Anything high in fiber should also be limited, since fiber slows gastric emptying just like fat does. Stick to simple, low-residue ingredients that the stomach can process quickly.
Meal Size and Frequency
Smaller, more frequent meals are easier on a damaged stomach than one or two large ones. Instead of the typical once- or twice-daily feeding schedule for adult cats, aim for four to six small meals spread throughout the day. This keeps portion sizes modest so the stomach doesn’t have to produce large surges of acid at once. It also ensures your cat gets enough total calories, since many cats with ulcers eat less at each sitting due to nausea or discomfort.
Resist the temptation to leave food out all day for grazing. Free-feeding makes it harder to track how much your cat is actually eating, which is important information during recovery. Measured portions at set times give you a clearer picture of appetite changes, which can signal whether the ulcer is improving or getting worse.
Timing Food Around Medication
Cats with stomach ulcers are often prescribed a medication that coats the ulcer surface and protects it from acid. This medication needs to be given on an empty stomach to work properly, and you should wait at least two hours before giving any other medications alongside it, since it can block their absorption. Your vet will outline the specific timing, but as a general rule, plan to give this type of medication about 30 to 60 minutes before meals so it has time to form a protective barrier before food arrives.
Getting the timing right between medication and meals matters more than most people realize. If you feed your cat right before or alongside the medication, it won’t bind effectively to the ulcer site, and much of its benefit is lost.
Probiotics and Gut Support
Probiotics can play a supporting role in recovery. They help colonize the intestinal lining, strengthen mucosal barrier function, and inhibit the growth of harmful bacteria. In cats, probiotics have been shown to regulate the gut microbiota, support immune function, and improve overall intestinal health.
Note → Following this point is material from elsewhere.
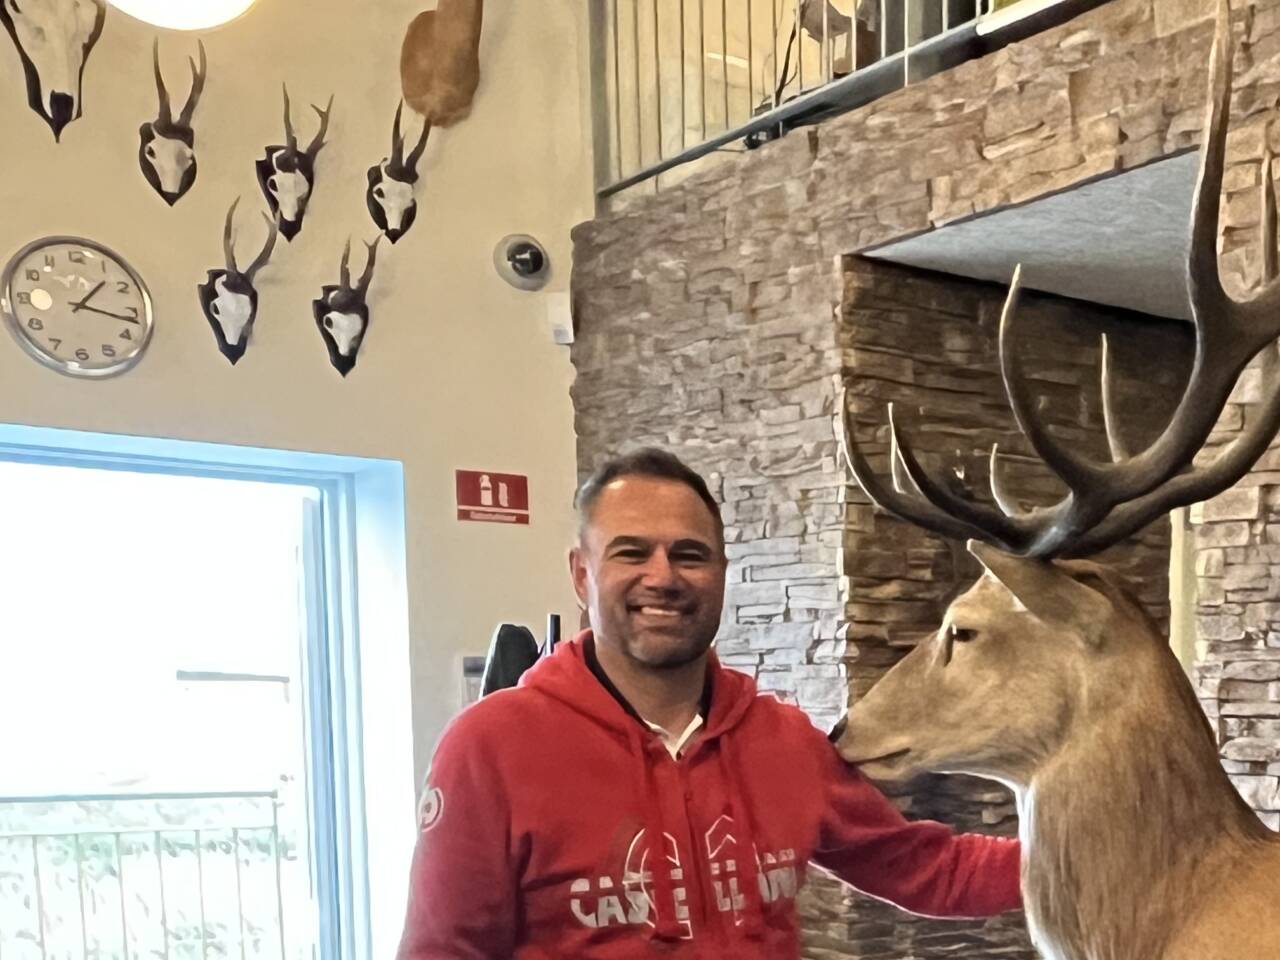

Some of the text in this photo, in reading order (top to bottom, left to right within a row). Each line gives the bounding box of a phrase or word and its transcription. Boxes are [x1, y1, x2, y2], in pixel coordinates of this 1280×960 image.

A feline-specific probiotic (not a human formula) can be a useful addition, though it’s not a substitute for proper diet and medication. Ask your vet for a recommendation, since quality and strain selection vary widely between products.
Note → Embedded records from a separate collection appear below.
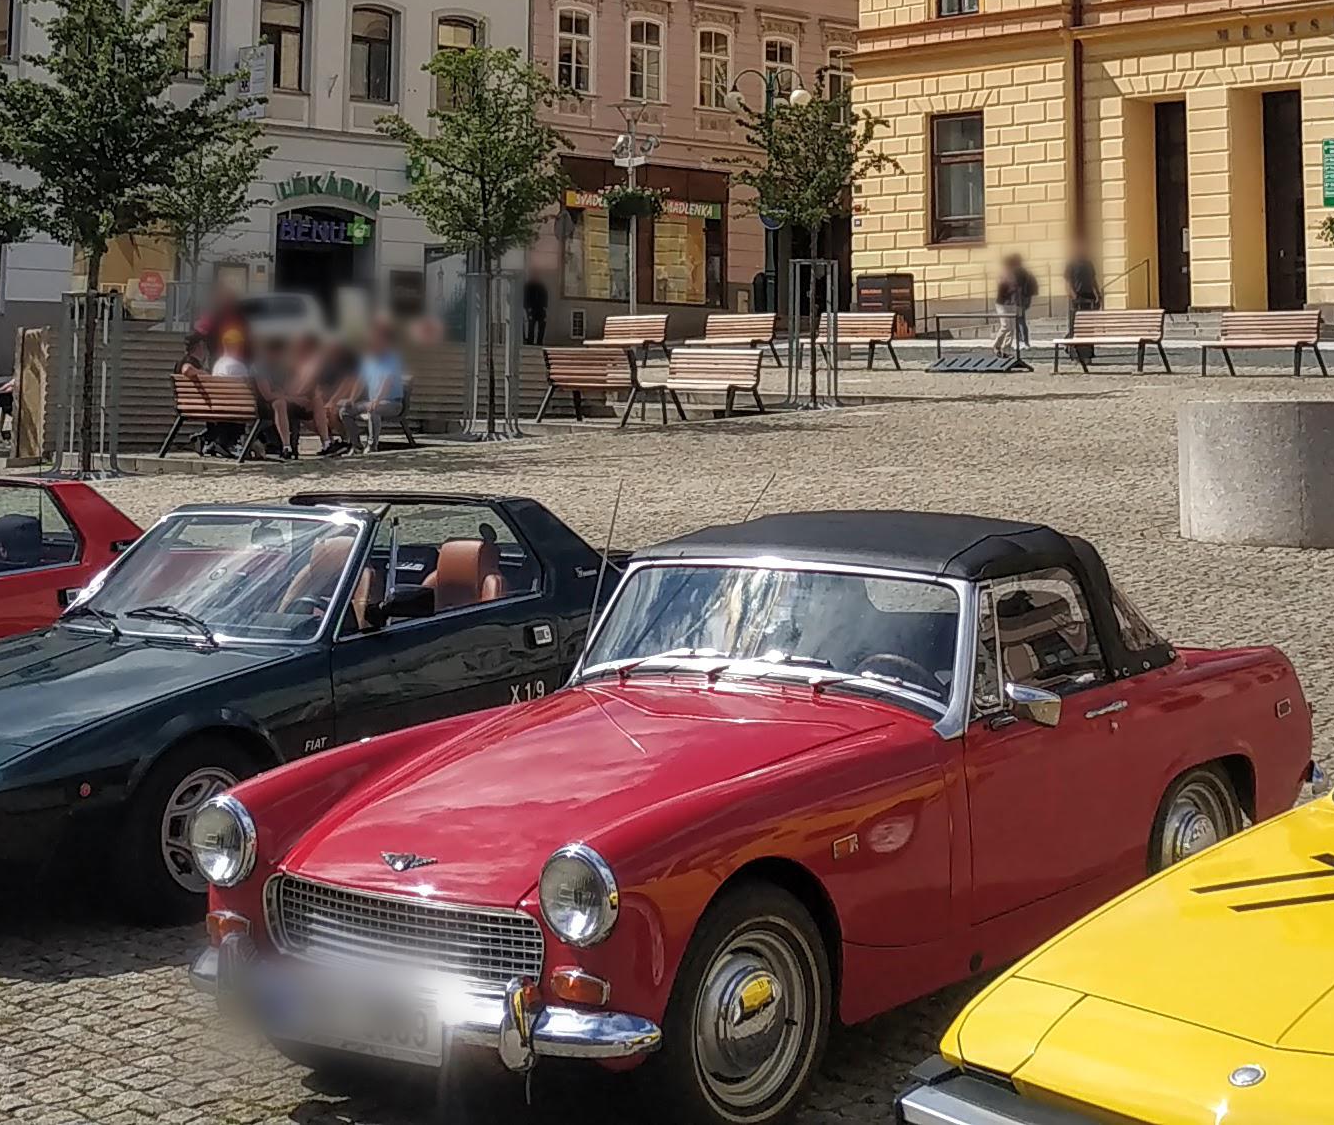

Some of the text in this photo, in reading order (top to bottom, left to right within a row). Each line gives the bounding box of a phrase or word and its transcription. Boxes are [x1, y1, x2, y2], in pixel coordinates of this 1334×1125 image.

[277, 171, 380, 211] LÉKÁRNA
[279, 217, 348, 243] BENU
[510, 680, 545, 704] X 1/9
[304, 737, 328, 752] FIAT
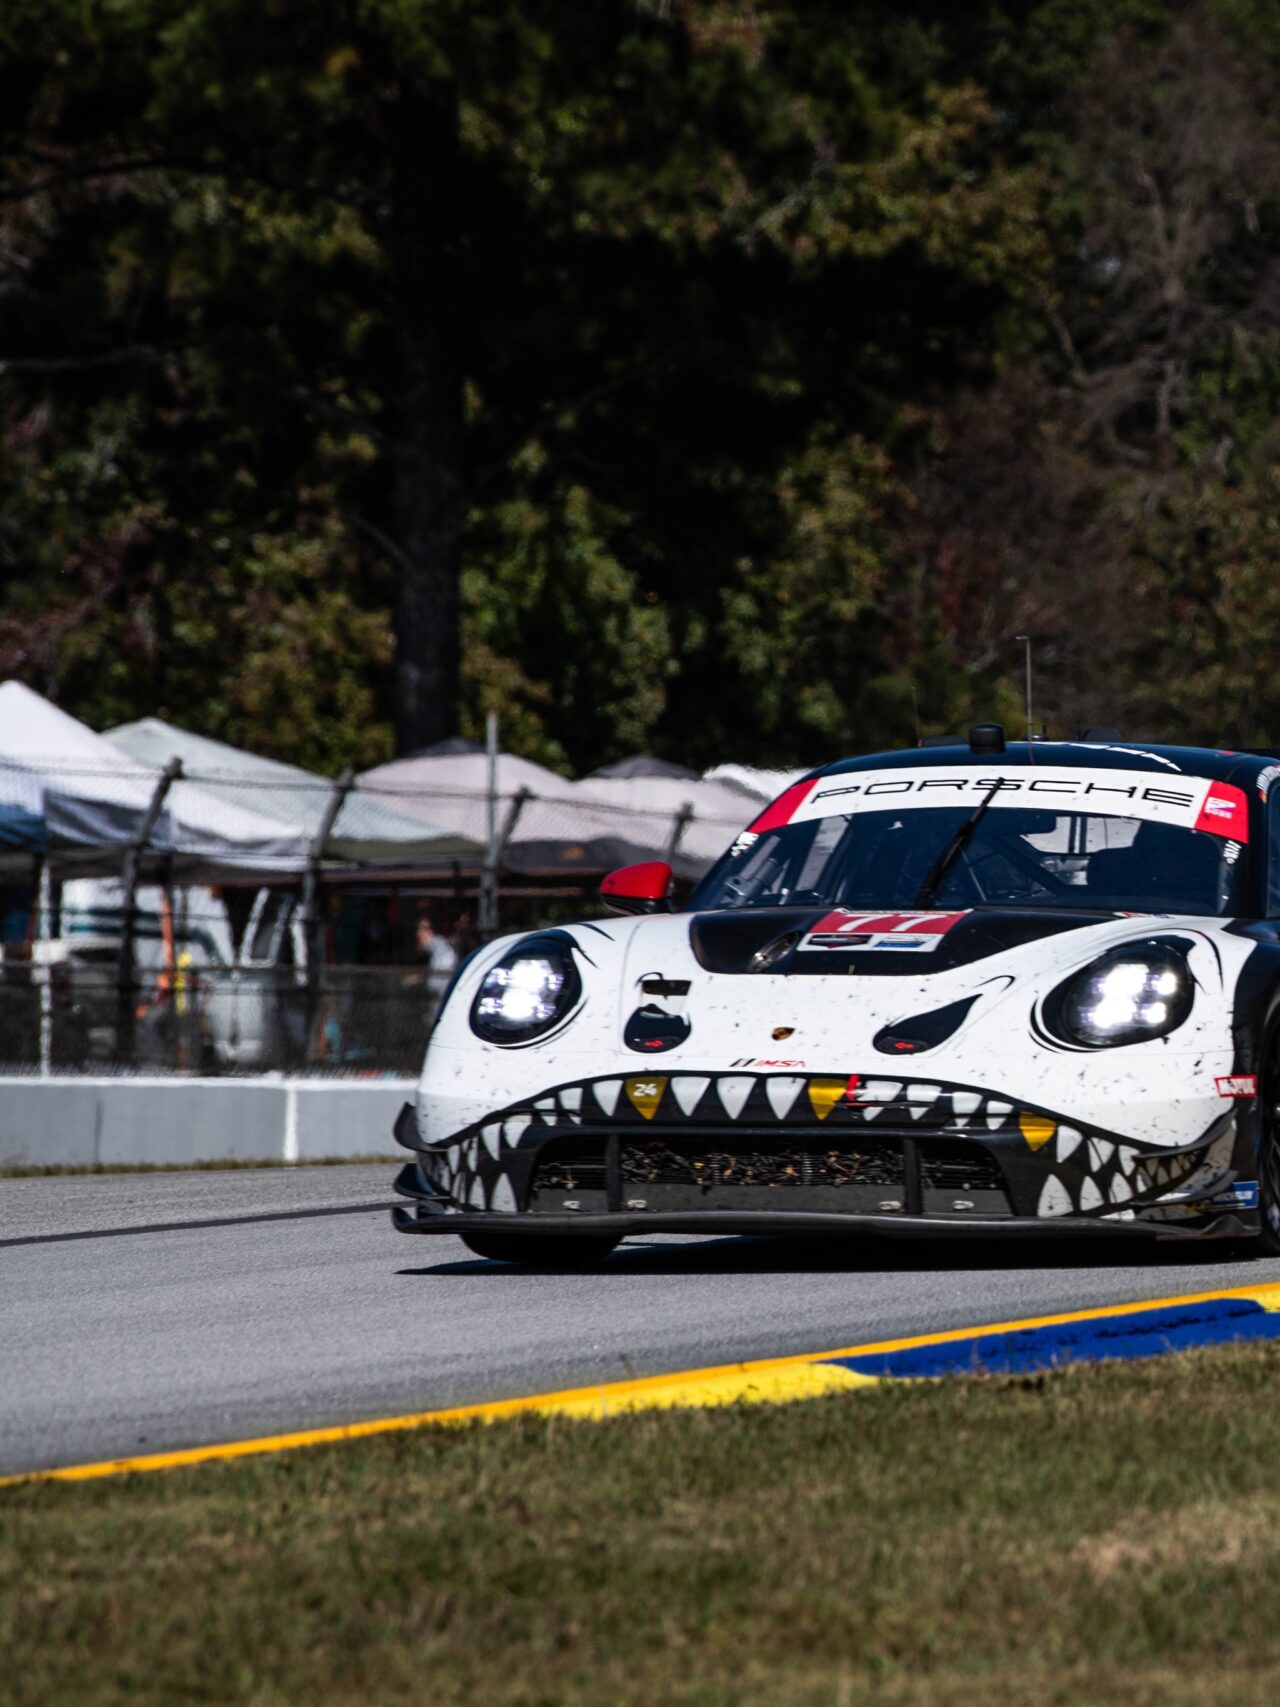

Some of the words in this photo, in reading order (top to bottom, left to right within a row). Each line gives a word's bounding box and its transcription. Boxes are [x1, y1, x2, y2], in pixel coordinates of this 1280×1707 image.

[810, 777, 1195, 808] PORSCHE
[836, 914, 948, 932] 77
[753, 1059, 806, 1068] IMSA
How Long to Stay on a Modified Diet
There’s no single timeline. Some cats recover from gastrointestinal illness in as little as three to five days, while others need two to three months of dietary management. The severity of the ulcer, its underlying cause, and how consistently the diet and medications are followed all affect healing speed.
The transition back to regular food should be gradual. Once your vet confirms the ulcer is healing, you’ll typically mix increasing amounts of your cat’s normal diet into the therapeutic food over seven to ten days. Rushing this transition risks re-irritating the stomach before it’s fully healed. Watch for returning symptoms like vomiting, loss of appetite, or dark-colored stool during the switch, and slow down if any appear.
Cats that developed ulcers from chronic conditions like kidney disease, long-term medication use, or inflammatory bowel disease may need to stay on a modified diet permanently. In these cases, a veterinary gastrointestinal diet becomes the new normal rather than a temporary measure.